Work request: Would you print the listing that follows exactly, but without its pictures?
════
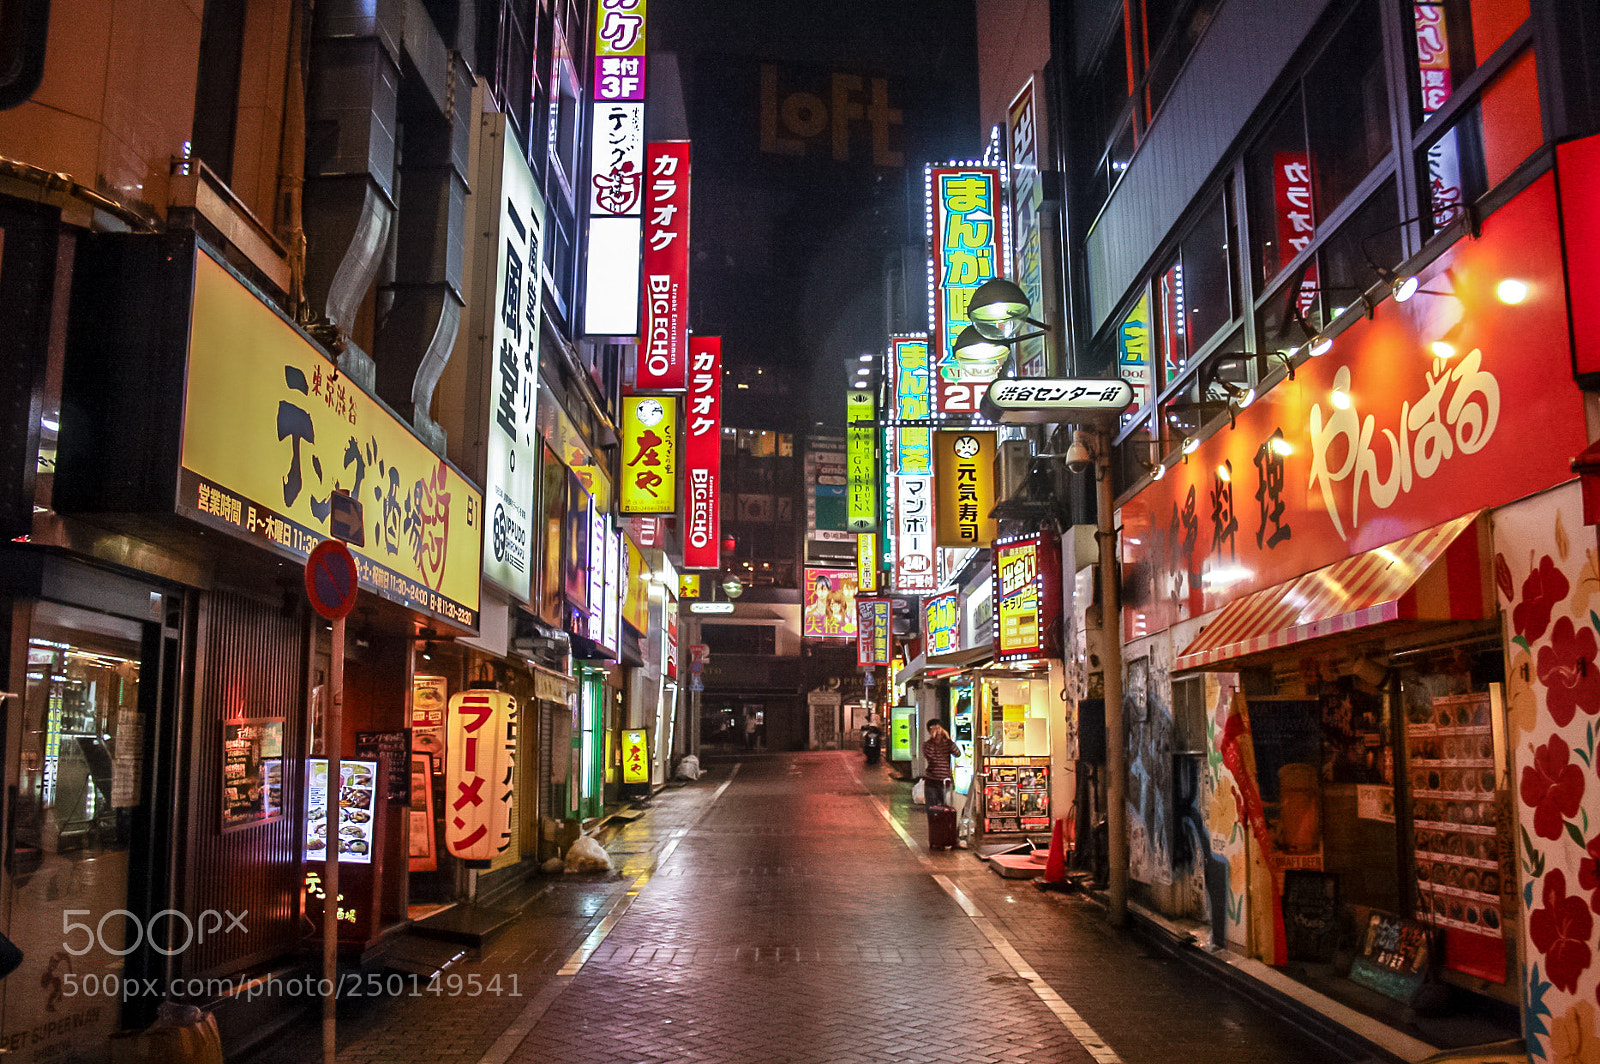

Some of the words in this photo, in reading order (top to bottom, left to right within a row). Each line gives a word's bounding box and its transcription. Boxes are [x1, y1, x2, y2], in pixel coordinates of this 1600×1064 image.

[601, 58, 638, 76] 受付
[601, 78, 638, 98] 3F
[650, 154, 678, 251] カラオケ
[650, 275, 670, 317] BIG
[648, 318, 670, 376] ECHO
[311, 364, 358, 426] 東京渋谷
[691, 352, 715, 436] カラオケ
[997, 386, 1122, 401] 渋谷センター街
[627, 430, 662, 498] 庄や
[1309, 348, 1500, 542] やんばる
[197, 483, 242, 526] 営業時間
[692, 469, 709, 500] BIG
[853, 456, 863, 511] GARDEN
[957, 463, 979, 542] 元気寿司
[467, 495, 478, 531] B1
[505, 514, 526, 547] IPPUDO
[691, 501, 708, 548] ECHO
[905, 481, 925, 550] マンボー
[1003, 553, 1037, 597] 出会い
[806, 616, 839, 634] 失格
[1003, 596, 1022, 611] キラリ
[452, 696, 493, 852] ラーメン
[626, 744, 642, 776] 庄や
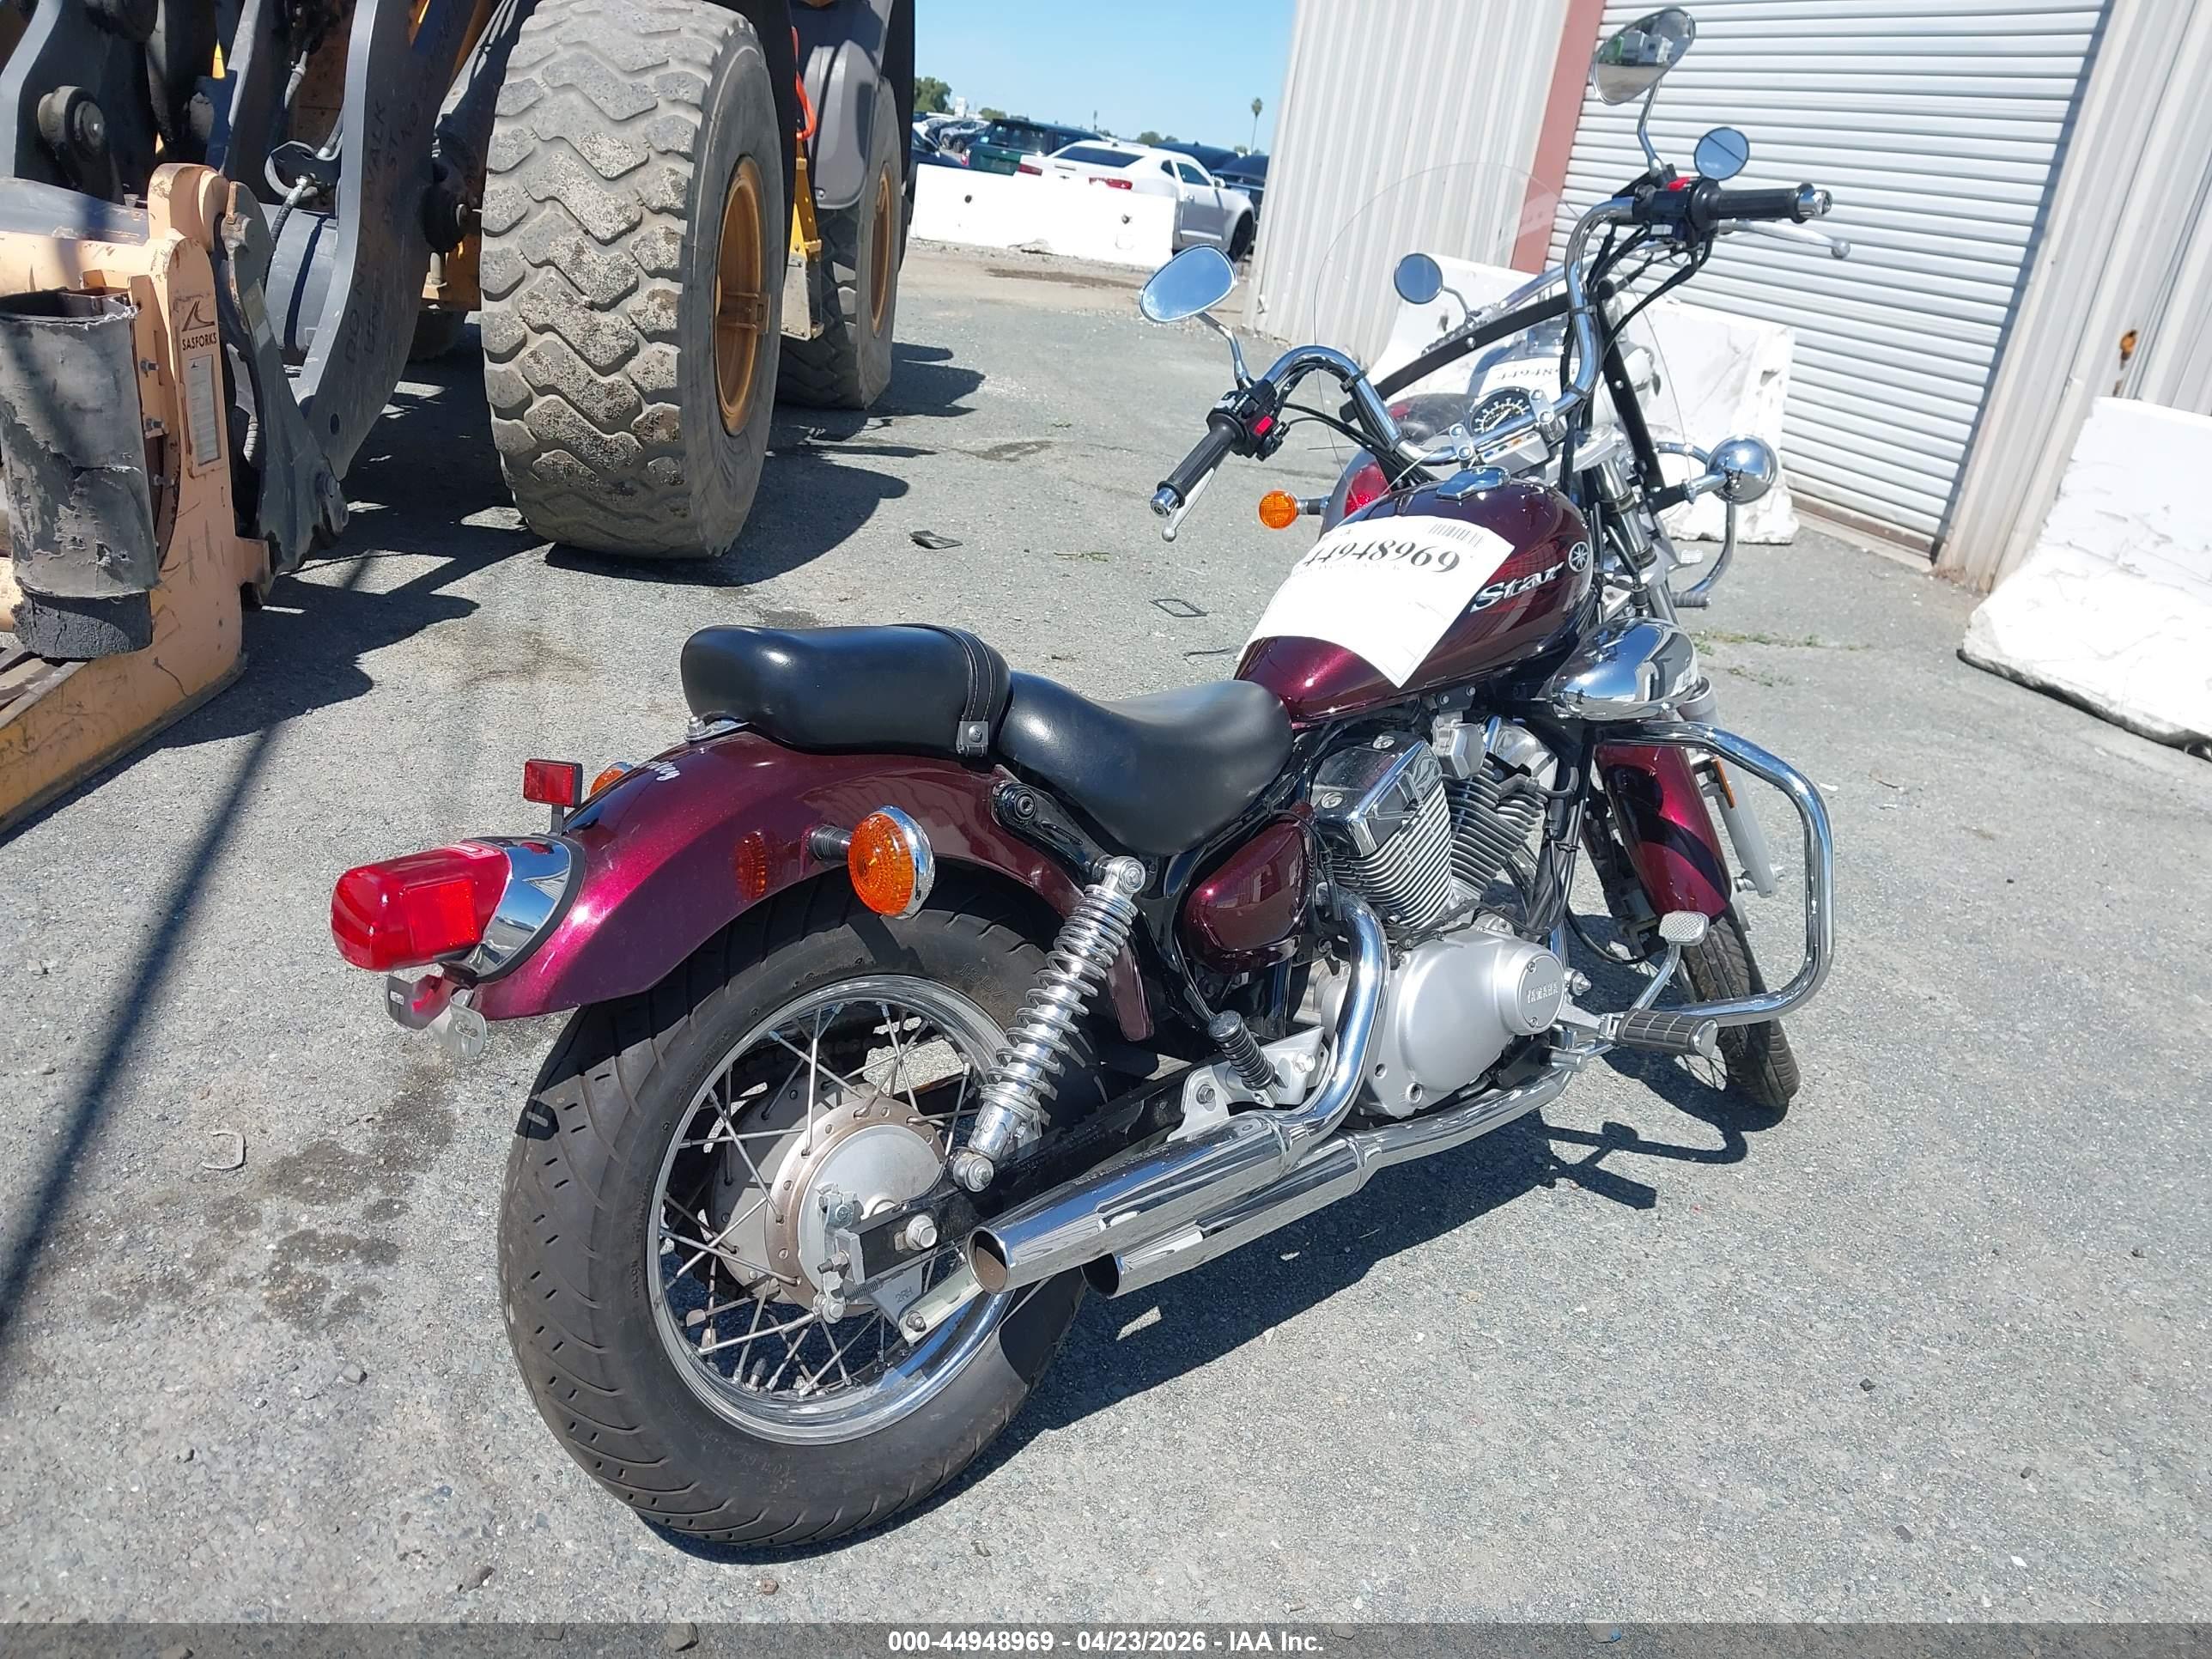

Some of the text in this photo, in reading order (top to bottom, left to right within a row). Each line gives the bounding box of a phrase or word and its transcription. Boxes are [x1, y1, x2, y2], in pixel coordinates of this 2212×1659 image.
════
Answer section:
Some of the words in this photo, in reading order (top to bottom, left to right within a row). Each line gives a word's bounding box and its transcription. Boxes are [x1, y1, x2, y2], in pixel coordinates of this 1600×1064 image.

[601, 58, 638, 76] 受付
[601, 78, 638, 98] 3F
[650, 154, 678, 251] カラオケ
[650, 275, 670, 317] BIG
[648, 318, 670, 376] ECHO
[311, 364, 358, 426] 東京渋谷
[691, 352, 715, 436] カラオケ
[997, 386, 1122, 401] 渋谷センター街
[627, 430, 662, 498] 庄や
[1309, 348, 1500, 542] やんばる
[197, 483, 242, 526] 営業時間
[692, 469, 709, 500] BIG
[853, 456, 863, 511] GARDEN
[957, 463, 979, 542] 元気寿司
[467, 495, 478, 531] B1
[505, 514, 526, 547] IPPUDO
[691, 501, 708, 548] ECHO
[905, 481, 925, 550] マンボー
[1003, 553, 1037, 597] 出会い
[806, 616, 839, 634] 失格
[1003, 596, 1022, 611] キラリ
[452, 696, 493, 852] ラーメン
[626, 744, 642, 776] 庄や

Some of the text in this photo, in reading order (top to bottom, left to right within a row). Each line gives the bounding box of a phrase or word and its transcription. Boxes are [x1, y1, x2, y2], in pixel coordinates of this 2212×1659 image.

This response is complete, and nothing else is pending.